If I had to begin again - I know not - SI JEUNESSE SAVAIT, SI VIEILLESSE POUVAIT . . . I know not at all - I believe I should try to honour Sex more religiously. The worst of our education is that Christianity does not recognise and hallow Sex. It looks askance at it, over its shoulder, oppressed as it is by reminiscences of hermits and Asiatic self-tortures. It is a terrible hiatus in our modern religions that they cannot see and make venerable that which they ought to see first and hallow most.

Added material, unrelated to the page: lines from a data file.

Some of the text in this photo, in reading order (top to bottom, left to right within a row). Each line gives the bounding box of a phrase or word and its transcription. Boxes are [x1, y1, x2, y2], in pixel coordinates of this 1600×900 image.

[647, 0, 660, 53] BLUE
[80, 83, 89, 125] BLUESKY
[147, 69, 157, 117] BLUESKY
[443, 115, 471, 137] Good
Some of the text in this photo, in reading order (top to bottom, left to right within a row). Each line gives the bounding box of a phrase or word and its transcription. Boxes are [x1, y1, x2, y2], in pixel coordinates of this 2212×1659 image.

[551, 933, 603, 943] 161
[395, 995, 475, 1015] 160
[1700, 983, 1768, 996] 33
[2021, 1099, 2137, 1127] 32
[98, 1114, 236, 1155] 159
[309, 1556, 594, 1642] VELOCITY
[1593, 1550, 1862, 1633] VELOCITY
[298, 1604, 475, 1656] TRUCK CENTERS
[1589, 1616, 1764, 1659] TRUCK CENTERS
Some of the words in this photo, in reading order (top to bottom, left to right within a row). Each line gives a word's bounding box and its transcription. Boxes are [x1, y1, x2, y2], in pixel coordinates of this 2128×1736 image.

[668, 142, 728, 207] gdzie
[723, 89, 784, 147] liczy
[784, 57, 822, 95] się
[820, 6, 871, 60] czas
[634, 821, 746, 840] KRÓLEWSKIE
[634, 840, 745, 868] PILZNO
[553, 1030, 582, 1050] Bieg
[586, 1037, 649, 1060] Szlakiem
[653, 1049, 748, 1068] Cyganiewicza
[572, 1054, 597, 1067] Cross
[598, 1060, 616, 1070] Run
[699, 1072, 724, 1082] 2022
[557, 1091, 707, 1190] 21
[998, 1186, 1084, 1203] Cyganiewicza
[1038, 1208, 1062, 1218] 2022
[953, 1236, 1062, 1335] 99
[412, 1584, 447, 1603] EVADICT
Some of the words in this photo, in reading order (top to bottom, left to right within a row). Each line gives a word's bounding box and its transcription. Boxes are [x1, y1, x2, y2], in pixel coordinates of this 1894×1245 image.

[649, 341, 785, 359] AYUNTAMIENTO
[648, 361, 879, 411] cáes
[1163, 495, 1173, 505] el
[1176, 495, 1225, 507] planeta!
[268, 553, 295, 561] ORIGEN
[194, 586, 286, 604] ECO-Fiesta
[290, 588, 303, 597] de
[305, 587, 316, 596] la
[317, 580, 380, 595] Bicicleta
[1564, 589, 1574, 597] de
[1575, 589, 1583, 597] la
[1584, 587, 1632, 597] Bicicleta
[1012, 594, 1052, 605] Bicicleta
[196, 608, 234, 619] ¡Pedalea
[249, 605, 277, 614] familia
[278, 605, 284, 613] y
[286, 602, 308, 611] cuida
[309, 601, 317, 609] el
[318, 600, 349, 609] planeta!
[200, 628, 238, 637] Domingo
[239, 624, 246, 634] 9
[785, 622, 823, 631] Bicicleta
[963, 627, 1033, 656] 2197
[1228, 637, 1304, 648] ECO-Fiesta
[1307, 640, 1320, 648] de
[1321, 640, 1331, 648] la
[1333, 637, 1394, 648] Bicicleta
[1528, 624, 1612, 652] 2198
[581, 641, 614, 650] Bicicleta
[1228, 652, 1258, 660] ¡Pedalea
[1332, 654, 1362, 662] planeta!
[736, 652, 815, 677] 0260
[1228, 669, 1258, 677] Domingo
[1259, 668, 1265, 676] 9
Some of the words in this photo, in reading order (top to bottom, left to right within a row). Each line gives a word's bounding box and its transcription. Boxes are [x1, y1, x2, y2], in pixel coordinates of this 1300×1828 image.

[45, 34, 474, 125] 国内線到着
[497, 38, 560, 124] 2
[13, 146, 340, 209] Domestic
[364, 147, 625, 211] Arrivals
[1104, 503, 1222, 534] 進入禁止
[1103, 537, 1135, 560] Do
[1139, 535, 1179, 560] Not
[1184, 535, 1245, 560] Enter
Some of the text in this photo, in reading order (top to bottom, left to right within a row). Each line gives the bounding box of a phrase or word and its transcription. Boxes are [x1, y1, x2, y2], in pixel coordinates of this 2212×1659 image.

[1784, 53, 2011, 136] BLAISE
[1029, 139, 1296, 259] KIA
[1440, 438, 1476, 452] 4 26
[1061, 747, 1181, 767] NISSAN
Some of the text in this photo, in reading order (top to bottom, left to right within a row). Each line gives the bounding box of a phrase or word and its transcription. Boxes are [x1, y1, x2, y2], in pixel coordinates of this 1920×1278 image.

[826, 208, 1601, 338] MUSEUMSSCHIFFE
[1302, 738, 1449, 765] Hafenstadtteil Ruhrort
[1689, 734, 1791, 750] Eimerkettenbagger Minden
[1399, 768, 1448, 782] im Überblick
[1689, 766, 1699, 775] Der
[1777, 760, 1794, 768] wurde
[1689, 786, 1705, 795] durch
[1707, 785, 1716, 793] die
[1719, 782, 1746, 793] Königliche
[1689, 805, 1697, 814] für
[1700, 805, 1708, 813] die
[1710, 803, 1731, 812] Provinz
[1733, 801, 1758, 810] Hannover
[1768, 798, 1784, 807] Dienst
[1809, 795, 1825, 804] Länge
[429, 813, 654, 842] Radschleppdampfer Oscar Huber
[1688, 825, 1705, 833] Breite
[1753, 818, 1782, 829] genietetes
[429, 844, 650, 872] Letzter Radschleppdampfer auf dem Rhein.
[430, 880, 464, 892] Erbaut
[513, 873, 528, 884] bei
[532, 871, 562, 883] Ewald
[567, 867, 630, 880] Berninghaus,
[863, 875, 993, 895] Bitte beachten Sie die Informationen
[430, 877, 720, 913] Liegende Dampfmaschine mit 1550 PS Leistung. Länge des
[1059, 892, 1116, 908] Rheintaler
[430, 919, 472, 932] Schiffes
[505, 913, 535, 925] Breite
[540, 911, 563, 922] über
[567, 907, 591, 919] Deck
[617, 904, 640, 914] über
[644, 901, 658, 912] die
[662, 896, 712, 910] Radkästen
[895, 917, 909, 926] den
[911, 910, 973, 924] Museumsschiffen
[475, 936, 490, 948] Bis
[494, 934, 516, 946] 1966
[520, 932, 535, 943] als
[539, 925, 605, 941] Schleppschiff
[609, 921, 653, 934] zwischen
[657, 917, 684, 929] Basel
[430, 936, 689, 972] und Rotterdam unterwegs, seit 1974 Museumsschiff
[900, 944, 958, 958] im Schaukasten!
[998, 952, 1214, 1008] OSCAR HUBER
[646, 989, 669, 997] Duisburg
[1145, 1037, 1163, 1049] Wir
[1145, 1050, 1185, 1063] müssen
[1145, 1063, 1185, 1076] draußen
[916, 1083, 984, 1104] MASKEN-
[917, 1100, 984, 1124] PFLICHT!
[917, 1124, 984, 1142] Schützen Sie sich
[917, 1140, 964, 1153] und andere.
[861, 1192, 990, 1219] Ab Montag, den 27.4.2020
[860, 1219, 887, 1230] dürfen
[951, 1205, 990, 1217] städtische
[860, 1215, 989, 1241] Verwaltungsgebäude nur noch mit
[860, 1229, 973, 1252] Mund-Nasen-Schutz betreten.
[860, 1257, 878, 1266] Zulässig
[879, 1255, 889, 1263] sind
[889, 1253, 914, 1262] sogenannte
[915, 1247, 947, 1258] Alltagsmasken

Well, it is so; I cannot be wiser than my generation.

But no doubt there is something great in the half-success that has attended the effort of turning into an emotional religion, Bald Conduct, without any appeal, or almost none, to the figurative, mysterious, and constitutive facts of life. Not that conduct is not constitutive, but dear! it's dreary! On the whole, conduct is better dealt with on the cast-iron 'gentleman' and duty formula, with as little fervour and poetry as possible; stoical and short.

. . . There is a new something or other in the wind, which exercises me hugely: anarchy, - I mean, anarchism. People who (for pity's sake) commit dastardly murders very basely, die like saints, and leave beautiful letters behind 'em (did you see Vaillant to his daughter? it was the New Testament over again); people whose conduct is inexplicable to me, and yet their spiritual life higher than that of most. This is just what the early Christians must have seemed to the Romans. Is this, then, a new DRIVE among the monkeys? Mind you, Bob, if they go on being martyred a few years more, the gross, dull, not unkindly bourgeois may get tired or ashamed or afraid of going on martyring; and the anarchists come out at the top just like the early Christians. That is, of course, they will step into power as a PERSONNEL, but God knows what they may believe when they come to do so; it can't be stranger or more improbable than what Christianity had come to be by the same time.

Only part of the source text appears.